Patto per gli anziani: il 50% è a 548 euro
PESCARA. Assicurare diritti sociali alle fasce più deboli: è stato firmato con queste finalità il documento che tutela la popolazione anziana della regione. L’impegno è stato preso dall’Anci...
PESCARA. Assicurare diritti sociali alle fasce più deboli: è stato firmato con queste finalità il documento che tutela la popolazione anziana della regione.
L’impegno è stato preso dall’Anci (Associazione dei Comuni) e dai sindacati nei confronti dei 300mila ultra65enni in Abruzzo il 50% dei quali ha un reddito di pensione minima di 548 euro (l'80% è sotto i mille euro secondo l’Elaborazione sindacale di Inps ndr). «Il protocollo è stato voluto per individuare un percorso condiviso per la difesa del Welfare territoriale riguardo ai servizi sociali destinati ai pensionati e agli anziani», sottolinea Luciano Lapenna presidente regionale Anci, «in particolare individua aspetti urgenti da affrontare quali, la spesa sociale, le politiche tributarie, la programmazione locale a favore della popolazione anziana, la lotta alla povertà e alla emarginazione sociale».

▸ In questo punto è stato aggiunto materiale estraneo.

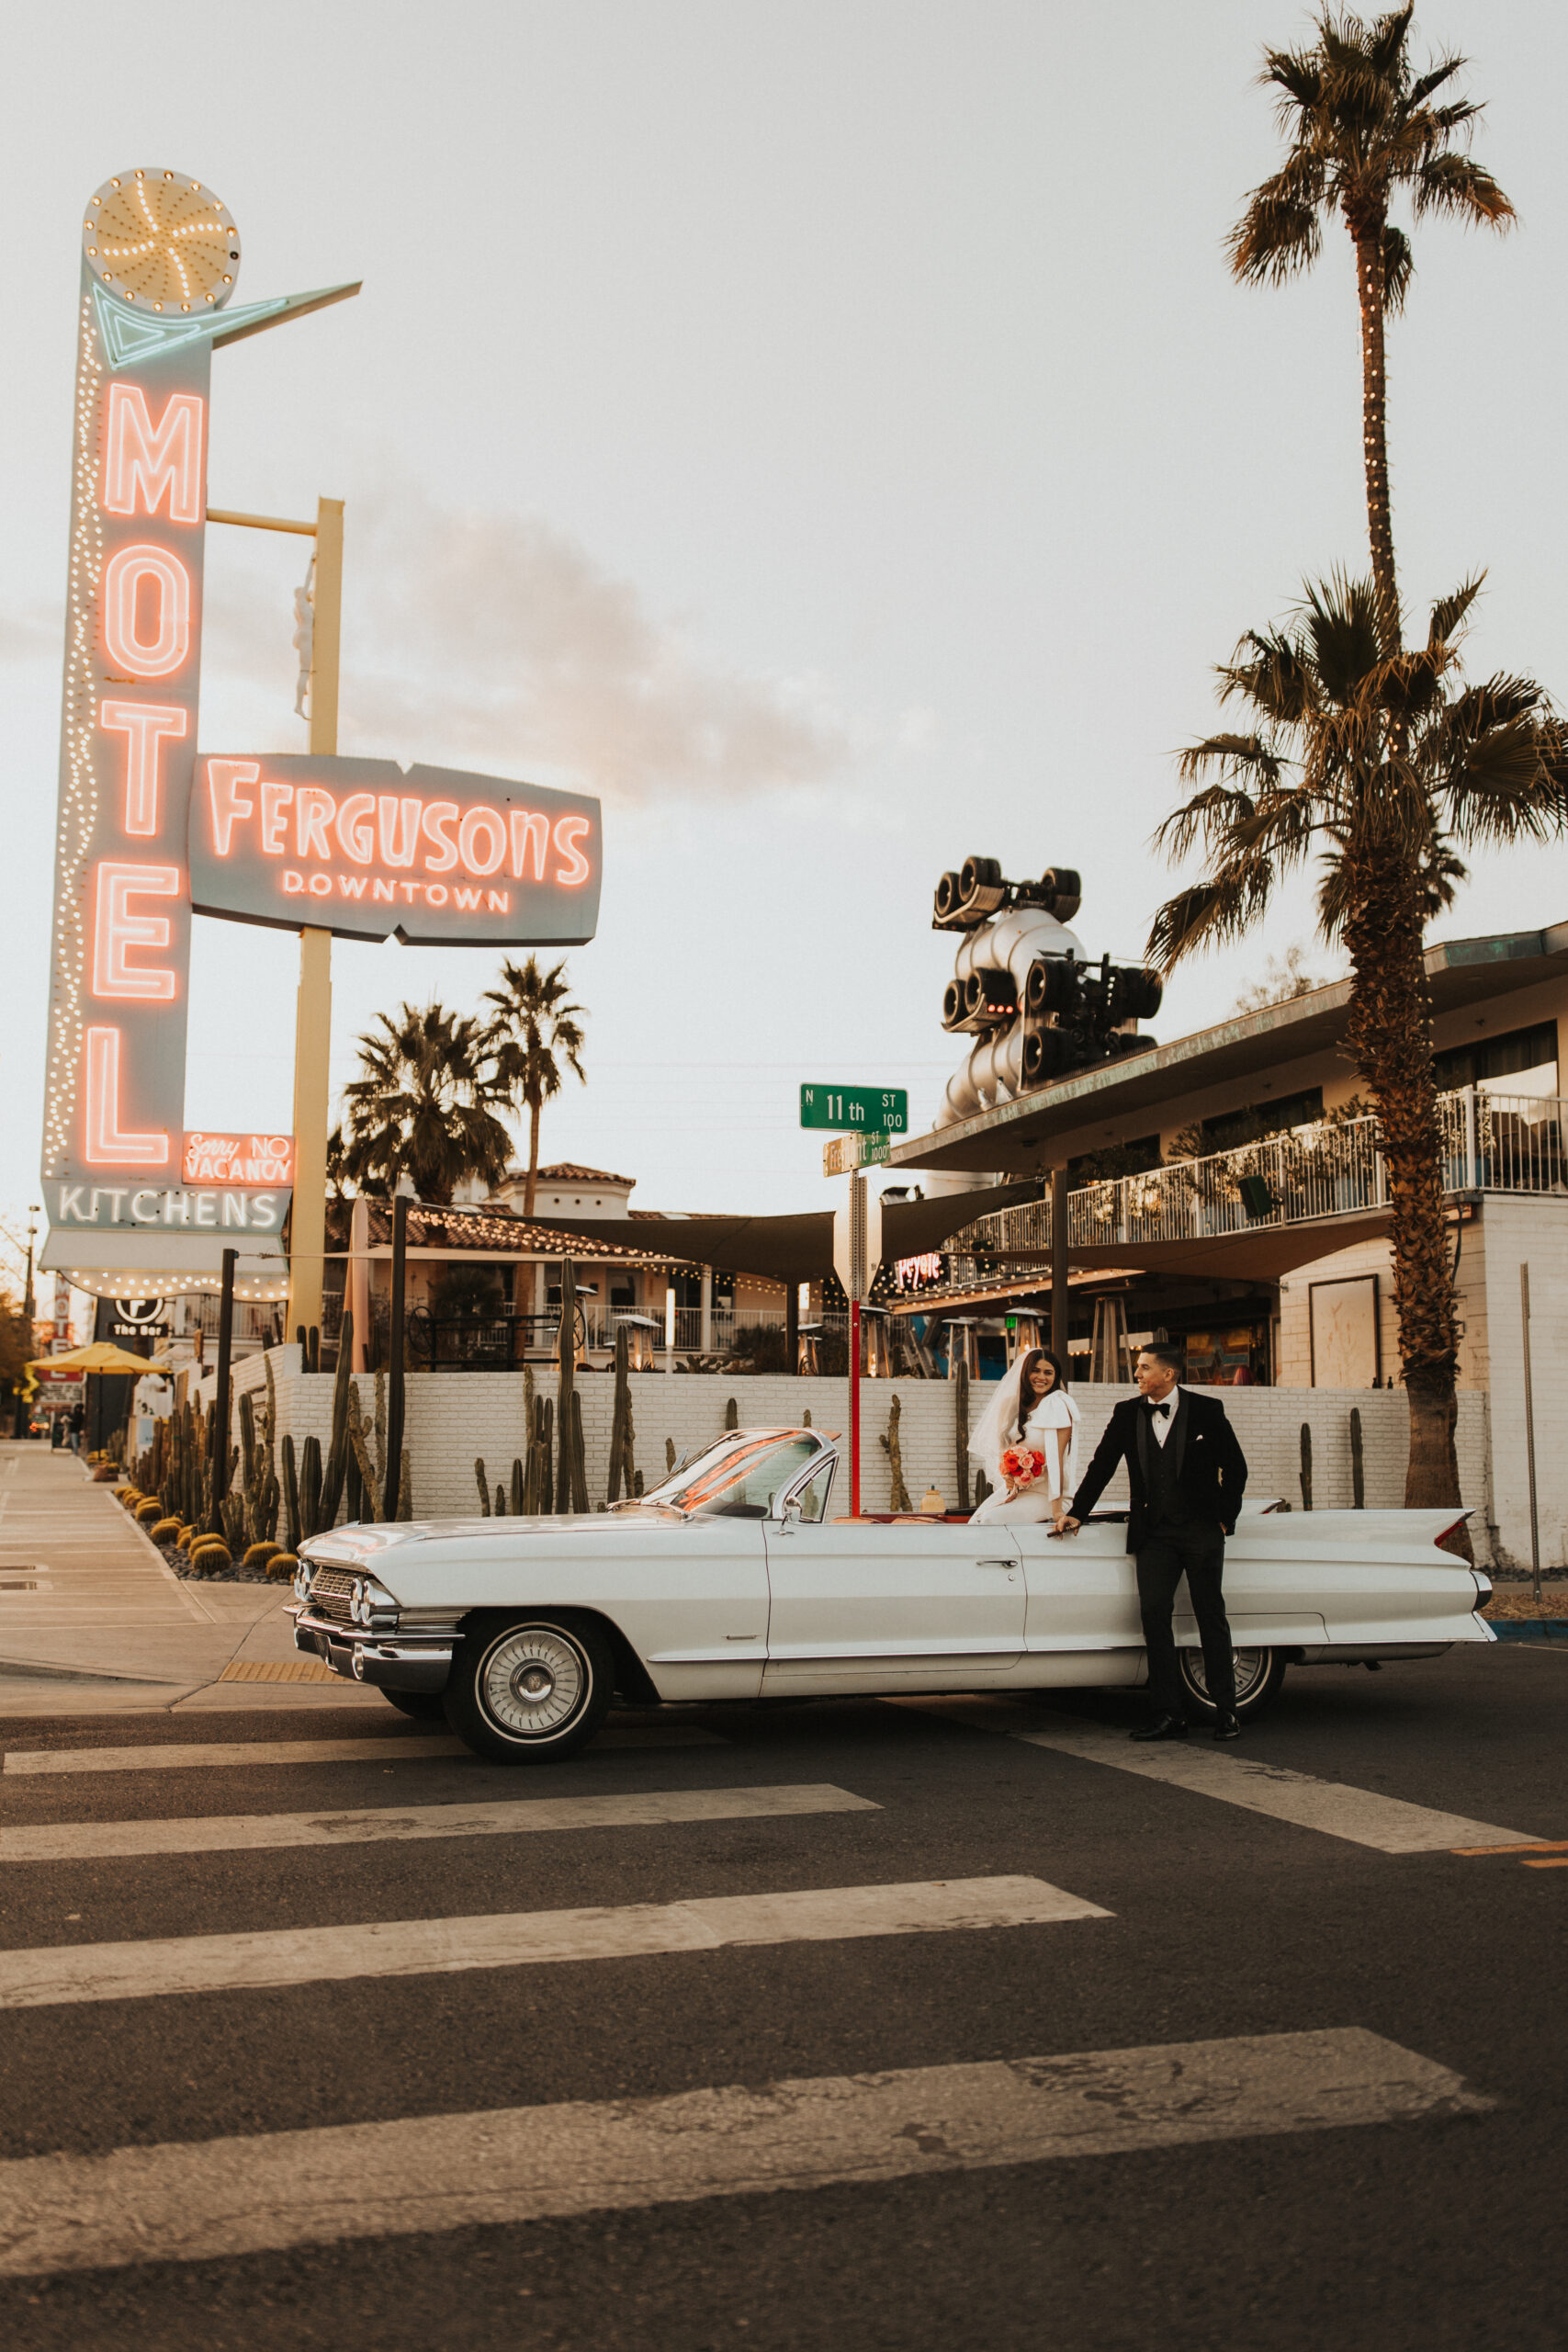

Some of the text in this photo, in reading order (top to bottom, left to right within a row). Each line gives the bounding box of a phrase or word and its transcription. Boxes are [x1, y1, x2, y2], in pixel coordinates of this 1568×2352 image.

I segretari generali di Spi Cgil Abruzzo, Antonio Iovito, Fnp Cisl Abruzzo Molise, Luigi Pietrosimone e Uilp-Uil Gianni Orsini hanno colto l’occasione per lanciare un appello: «Chiediamo che non vengano effettuati ulteriori tagli alle spese sociali e che si utilizzi l'Isee per la gestione delle rette dei ricoveri e strutture Comunali e tasse locali».